Esta caminata encuentra el inicio en Sant Pere de Rodes, un monasterio situado en el Ampordá y sigue el camino hacia tierras de Barcelona, llegando al gran monasterio de Montserrat. Pasando por un sinfín de localidades y poblaciones, como por ejemplo, Olot en la Garrotxa o Vic en Osona, en las que el caminante se encontrará con toda clase de personajes locales y lugareños que darán lo mejor de ellos para que su camino sea una experiencia inolvidable. Naturaleza en estado puro y cultura se unen en este Camino de Sant Jaume para llevar al viajero hasta el final del camino de Santiago.
La parte final del Camí es Alcarràs, ya que en esta población se une al Camino Aragonés. Aunque actualmente es cuando se está dando a conocer de verdad, cabe comentar que el camino de Sant Jaume, en Catalunya, ha estado vinculado a las rutas jacobeas desde siempre.

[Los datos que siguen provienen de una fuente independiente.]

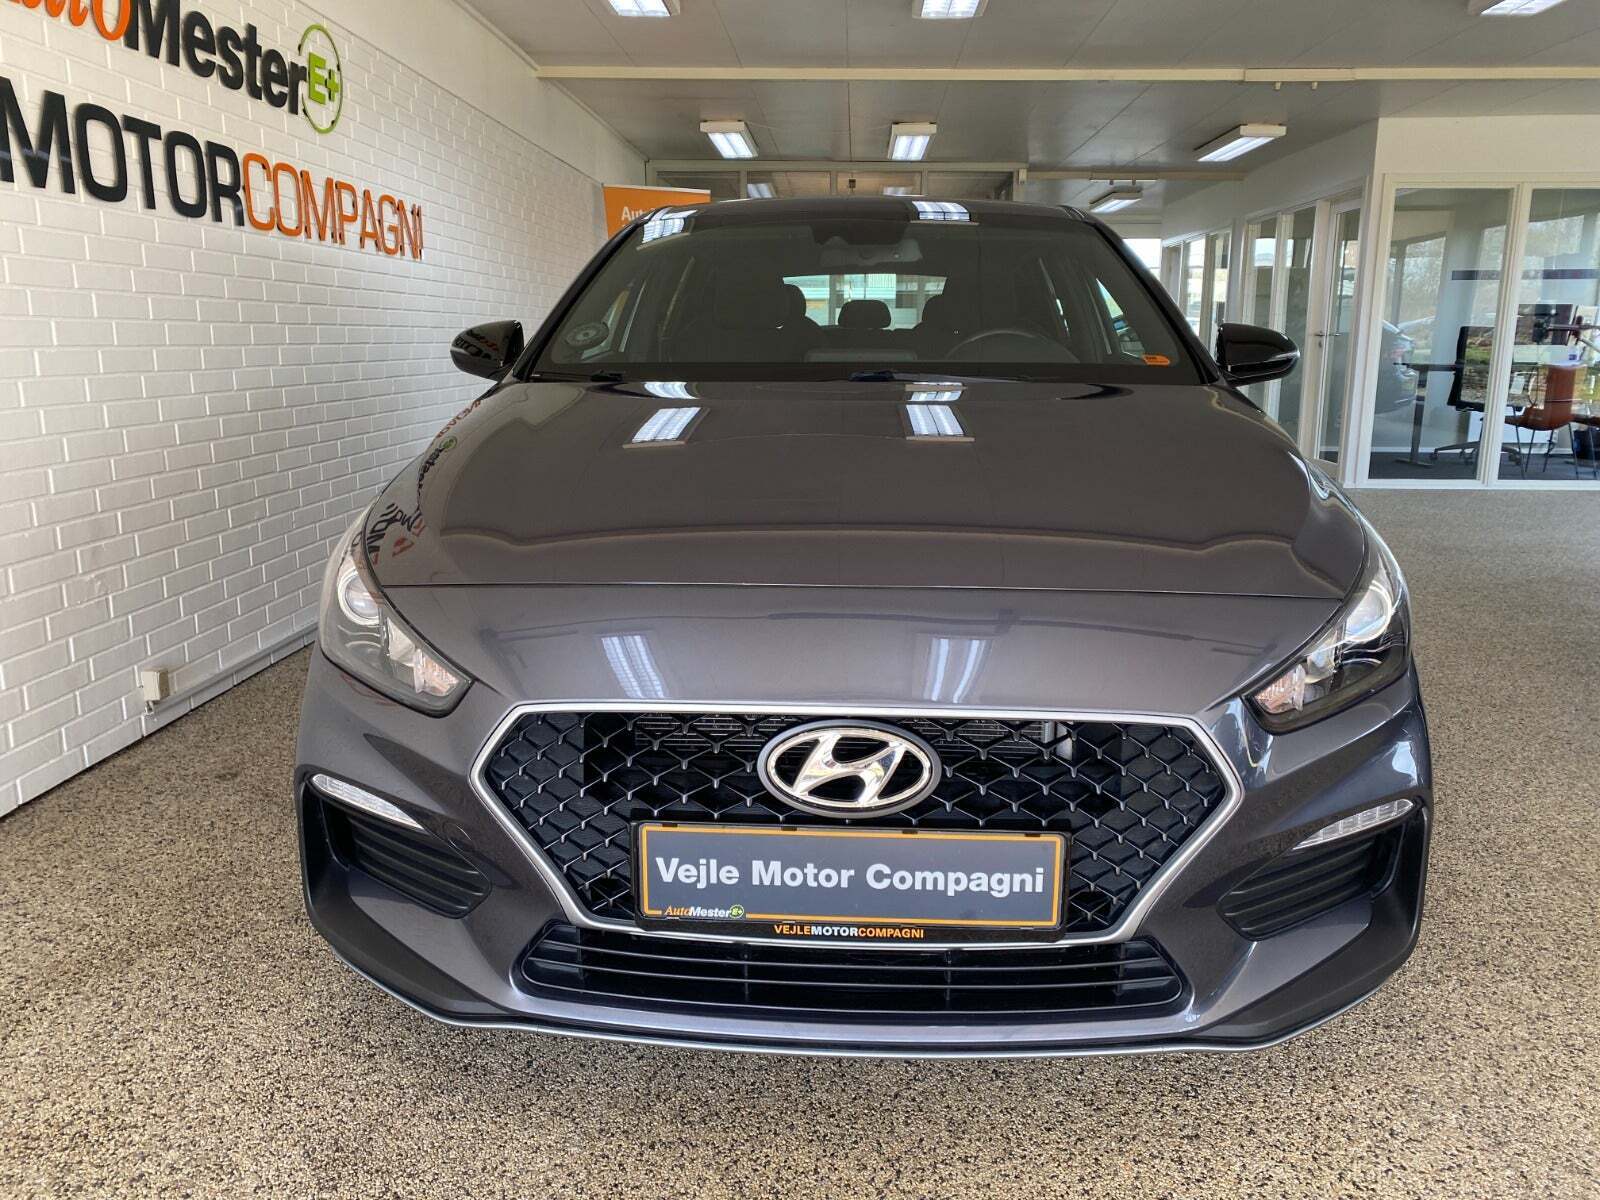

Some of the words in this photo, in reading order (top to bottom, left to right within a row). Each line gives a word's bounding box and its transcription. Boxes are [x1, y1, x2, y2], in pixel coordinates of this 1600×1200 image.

Gracias a su importancia ha sido considerado como un bien cultural y reconocido como el primer gran itinerario europeo, por el instituto Europeo de Itinerarios Culturales. Por lo que las ramificaciones han sido consideradas Patrimonio de la Humanidad por la Unesco.
Mas allá del hecho de andar, el Cami de Sant Jaume, al igual que su símil peninsular, es una forma de reencuentro personal, de buscar en nuestro interior. Además ofrece la posibilidad de disfrutar de la experiencia con gente que encuentras en el camino.
Y por último, cómo no, es una gran forma de viajar, de conocer la naturaleza que nos rodea. Por lo tanto no olviden la cámara de fotos y disfruten de la experiencia.